2008-10-09

Strings and Things

The Text class is fixed. It now wraps lines of text that are wider than the available display window but have no natural breaking points. The wrapping function was skipping over characters when attempting to force breaks into non-broken text and drifting off into memory after the end of the string.

Next up, there’s now a WoopsiString class. This wraps around a char array and provides all of the functionality I’ve been doing manually in the TextBox class - setting the string (and moving memory about), concatenating strings (and moving memory about), inserting one string into another (and moving memory about), and removing sections of a string (and moving- well, you get the idea).

I’ve taken the opportunity afforded by this rethink to improve the way the memory allocation is handled. Instead of blindly reallocating a new char array every time the string changes length, the new WoopsiString class attempts to work within the memory it has already allocated. For example, imagine we make this string:

WoopsiString* s = new WoopsiString("abcd");

Now we append another string to end:

s->append("efgh");

We’ve got no choice here but to expand the memory used, which means allocating a new char array of length 9 (initial string length plus second string length, plus terminator) and copying the two strings into it. However, if we then truncate the string there’s no reason for us to allocate a smaller array:

s->remove(2);   // Remove chars from index 2 until end of string

All we really need to do here in order to truncate the string from index 2 onwards is put a terminating character in the 3rd array element. We’ve then got 6 empty slots in the char array. Now, should we append anything else to our string, we can either fill in the empty slots (if there are enough slots) and save time, or we can go through the memory allocation and string copy process again (if there aren’t enough slots):

s->append("xyz");

In this instance, we can append “xyz” to the “ab” we’ve got stored in the WoopsiString s without allocating any new memory.

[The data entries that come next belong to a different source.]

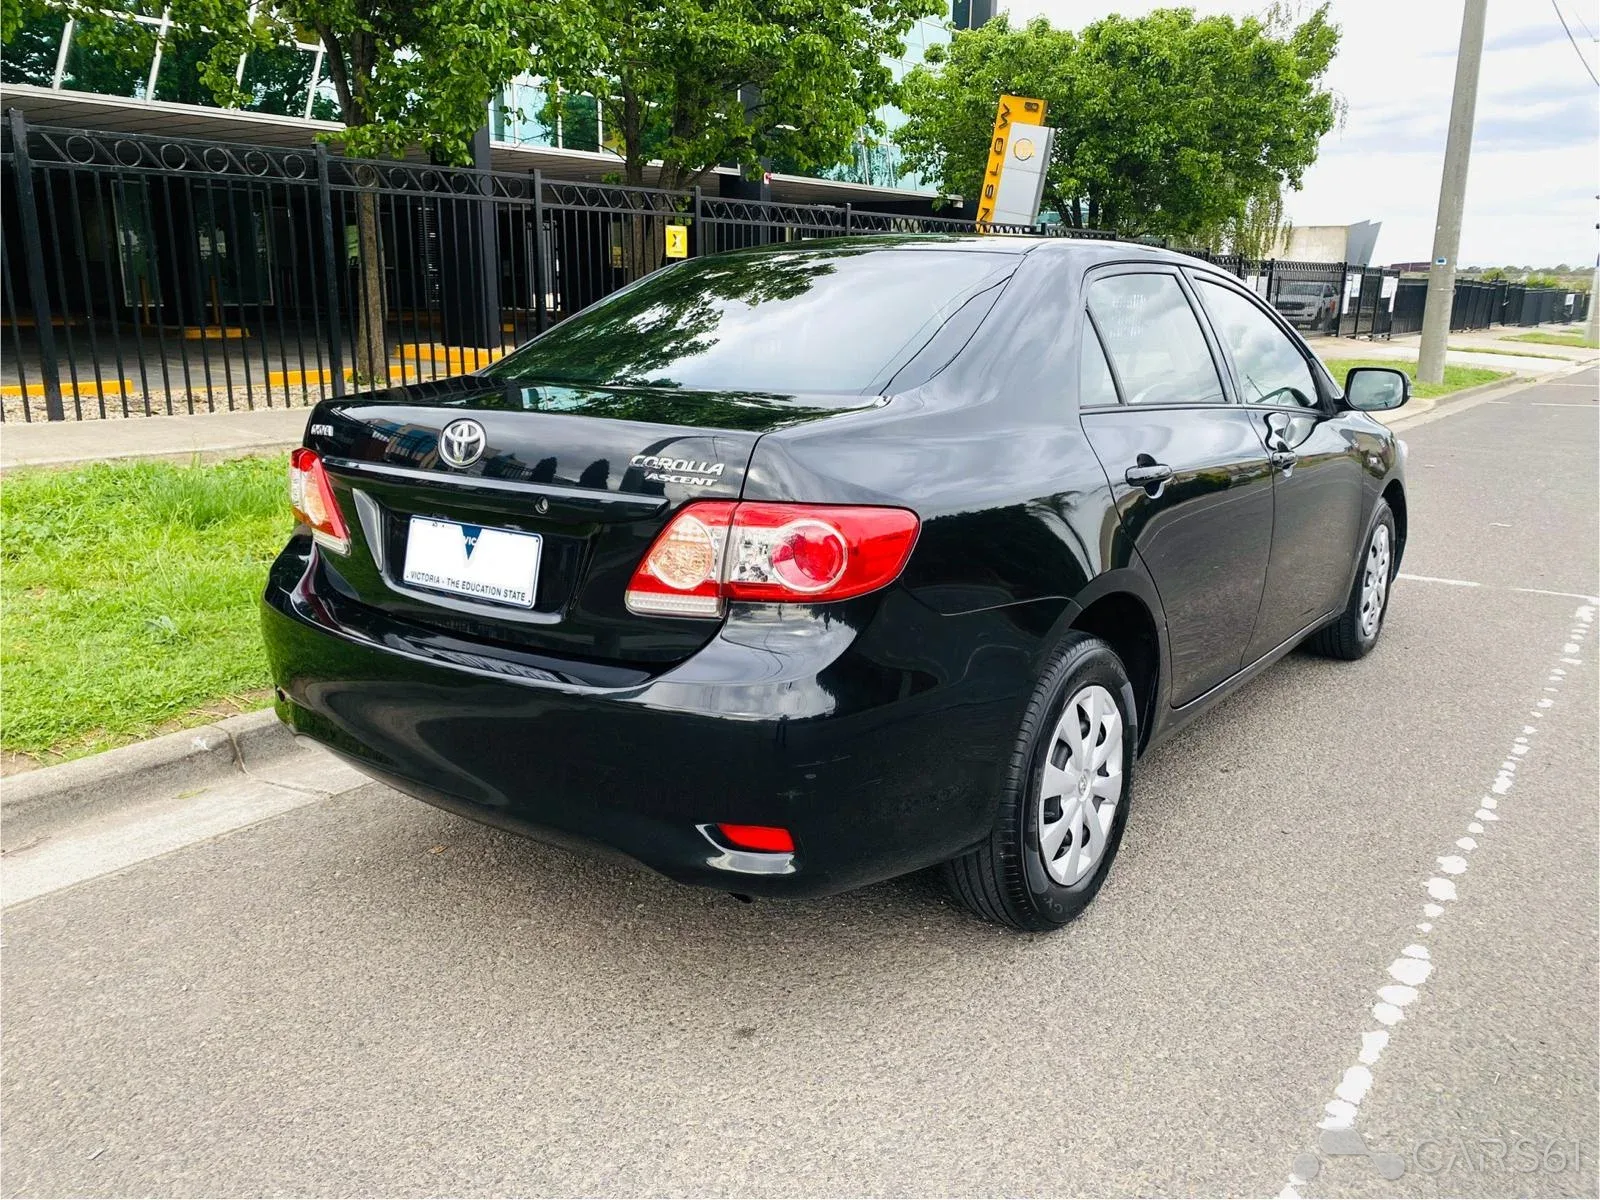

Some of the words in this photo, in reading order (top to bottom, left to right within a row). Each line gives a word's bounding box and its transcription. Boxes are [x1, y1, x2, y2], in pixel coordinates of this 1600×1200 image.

[629, 455, 725, 475] COROLLA
[644, 472, 718, 486] ASCENT
[464, 536, 477, 546] VIC
[410, 571, 440, 584] VICTORIA
[446, 577, 460, 588] THE
[461, 580, 501, 597] EDUCATION
[503, 588, 525, 602] STATE

I imagine every string class ever written does something like this, so it’s not an amazing innovation, but it’s a definite improvement over the char array mangling and memory fragmenting that the TextBox was doing before.

There’s no change to the way the TextBox interfaces with the outside world; that’s still all done with char arrays or chars. This is just an internal change.

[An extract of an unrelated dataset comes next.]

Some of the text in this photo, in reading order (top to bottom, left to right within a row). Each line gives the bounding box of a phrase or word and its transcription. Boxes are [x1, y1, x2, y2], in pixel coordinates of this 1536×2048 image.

One more class done today - Label. The Label is a borderless, read-only (from the user’s point of view) gadget that allows text to be put onto the screen. Basically, it’s the TextBox with GADGET_BORDERLESS set in its flags minus the cursor stuff I’ve been adding to TextBox. TextBox now inherits from Label.

Comments

Jeff on 2008-10-09 at 20:35 said:

The thing about these sorts of optimisations is that people try to do them indepedently of whats actually going to happen with the class. What you’ve done cuts down on memory fragmentation a bit (since you don’t realloc every time you add a single character) but at the same time, a string that contained 20K which gets truncated to 2K is going to waste 18K unless you’ve got some way to explicitly claim that memory back.

But thats probably not a common occurrence.

What is a common occurrence in your string class is insertion of MULTIPLE characters into a string, starting at “the insertion point” and waiting as the user types a character. One solution I’ve seen to this involves exploiting that extra space you put at the end of the string and maintaining a ‘gap’ in the string. ie, because insertion of one character is probably going to be followed by insertion of more, when you make space for (say) 80 more and remember that the gap is present - the second insertion just writes into the gap, no memory realloc required. You get the next 79 insertions at NO memory cost.

If someone moves the selection point, you don’t need to relocate the entire back-end of the string, just the part between the old gap and the new insertion point.

DMA can help shift the string up/down (subject to IRAM limits, of course)

ant on 2008-10-10 at 06:58 said:

Interesting idea. I had a couple of other ideas for improving performance, one of which was fairly similar. Based on the assumption that the majority of string edits would just involve adding n characters to the end of the string, realloc operations could extend the string by a certain size (80 characters, say) each time the allocated memory fills up. That way, only every 80th append to the string causes a realloc.

Your suggestion extends that so that the gap isn’t fixed at the end of the string, but can jump to cope with inserts in addition to appends. Neat!

If the WoopsiString turns out to have performance problems I’ll implement the idea you’ve outlined, but otherwise I think I’ll leave it as it is.